**Your objective:**
Taking the line with "this 1344×1134 image." as the first and the last line of the entries as the final one, copy that span exactly.

**Provided information:**
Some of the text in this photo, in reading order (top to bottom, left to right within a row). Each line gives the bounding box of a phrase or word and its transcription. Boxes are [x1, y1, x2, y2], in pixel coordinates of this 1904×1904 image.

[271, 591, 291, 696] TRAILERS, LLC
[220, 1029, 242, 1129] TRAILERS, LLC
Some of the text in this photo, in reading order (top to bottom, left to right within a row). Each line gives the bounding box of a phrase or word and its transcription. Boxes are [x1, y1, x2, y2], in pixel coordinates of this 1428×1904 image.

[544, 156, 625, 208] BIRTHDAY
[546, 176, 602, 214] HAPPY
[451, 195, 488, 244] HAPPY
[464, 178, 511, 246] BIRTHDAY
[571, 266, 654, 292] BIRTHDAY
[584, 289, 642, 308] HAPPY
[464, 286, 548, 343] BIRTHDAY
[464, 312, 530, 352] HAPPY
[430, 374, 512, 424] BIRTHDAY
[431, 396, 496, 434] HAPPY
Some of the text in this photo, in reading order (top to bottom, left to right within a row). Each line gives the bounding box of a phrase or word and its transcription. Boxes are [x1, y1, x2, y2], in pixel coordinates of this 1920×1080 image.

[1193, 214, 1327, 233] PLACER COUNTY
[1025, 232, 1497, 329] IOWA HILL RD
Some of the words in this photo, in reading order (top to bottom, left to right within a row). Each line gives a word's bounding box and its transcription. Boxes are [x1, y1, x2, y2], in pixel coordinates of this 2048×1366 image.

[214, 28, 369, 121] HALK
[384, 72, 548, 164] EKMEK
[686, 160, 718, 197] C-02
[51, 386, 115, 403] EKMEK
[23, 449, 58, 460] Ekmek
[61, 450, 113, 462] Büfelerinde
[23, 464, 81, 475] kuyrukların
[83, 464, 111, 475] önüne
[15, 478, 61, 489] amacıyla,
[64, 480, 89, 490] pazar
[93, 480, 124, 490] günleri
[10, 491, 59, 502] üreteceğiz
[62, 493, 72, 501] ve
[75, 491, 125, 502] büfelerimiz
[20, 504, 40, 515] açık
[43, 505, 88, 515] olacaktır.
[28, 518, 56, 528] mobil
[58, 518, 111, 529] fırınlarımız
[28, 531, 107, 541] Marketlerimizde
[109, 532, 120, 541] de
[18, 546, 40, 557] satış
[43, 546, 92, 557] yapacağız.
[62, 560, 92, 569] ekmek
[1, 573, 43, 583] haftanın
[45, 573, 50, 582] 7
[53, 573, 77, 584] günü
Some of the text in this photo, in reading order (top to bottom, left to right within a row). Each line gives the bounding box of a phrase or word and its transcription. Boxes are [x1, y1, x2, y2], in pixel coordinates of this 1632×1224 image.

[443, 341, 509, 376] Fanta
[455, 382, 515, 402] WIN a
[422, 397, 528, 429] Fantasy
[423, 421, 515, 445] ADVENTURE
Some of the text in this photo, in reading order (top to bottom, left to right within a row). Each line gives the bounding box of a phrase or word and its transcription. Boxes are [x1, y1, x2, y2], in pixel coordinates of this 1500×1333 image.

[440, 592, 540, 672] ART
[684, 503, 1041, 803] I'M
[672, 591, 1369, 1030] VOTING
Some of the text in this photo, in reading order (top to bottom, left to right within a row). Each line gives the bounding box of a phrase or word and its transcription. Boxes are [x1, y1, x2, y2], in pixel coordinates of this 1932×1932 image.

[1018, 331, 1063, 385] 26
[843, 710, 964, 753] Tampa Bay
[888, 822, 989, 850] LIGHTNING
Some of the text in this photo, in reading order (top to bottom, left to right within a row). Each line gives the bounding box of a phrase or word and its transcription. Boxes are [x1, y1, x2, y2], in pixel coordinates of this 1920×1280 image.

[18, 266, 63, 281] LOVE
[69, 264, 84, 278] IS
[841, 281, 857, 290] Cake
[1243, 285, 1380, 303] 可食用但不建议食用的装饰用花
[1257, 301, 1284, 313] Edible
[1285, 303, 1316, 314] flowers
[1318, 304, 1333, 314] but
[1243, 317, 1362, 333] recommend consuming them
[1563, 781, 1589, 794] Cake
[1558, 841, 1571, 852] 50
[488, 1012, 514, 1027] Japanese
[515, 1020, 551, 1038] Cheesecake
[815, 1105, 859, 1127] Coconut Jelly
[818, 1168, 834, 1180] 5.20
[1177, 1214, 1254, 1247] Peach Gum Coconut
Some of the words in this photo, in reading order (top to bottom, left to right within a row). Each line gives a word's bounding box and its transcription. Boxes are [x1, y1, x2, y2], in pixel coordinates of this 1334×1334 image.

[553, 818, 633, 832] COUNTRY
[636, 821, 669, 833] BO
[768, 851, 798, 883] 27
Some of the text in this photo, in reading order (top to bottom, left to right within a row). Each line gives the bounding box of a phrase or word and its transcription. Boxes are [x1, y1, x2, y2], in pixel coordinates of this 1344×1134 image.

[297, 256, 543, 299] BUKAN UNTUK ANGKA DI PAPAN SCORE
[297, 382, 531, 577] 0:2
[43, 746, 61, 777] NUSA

**Solution to this task:**
Some of the text in this photo, in reading order (top to bottom, left to right within a row). Each line gives the bounding box of a phrase or word and its transcription. Boxes are [x1, y1, x2, y2], in pixel coordinates of this 1344×1134 image.

[297, 256, 543, 299] BUKAN UNTUK ANGKA DI PAPAN SCORE
[297, 382, 531, 577] 0:2
[43, 746, 61, 777] NUSA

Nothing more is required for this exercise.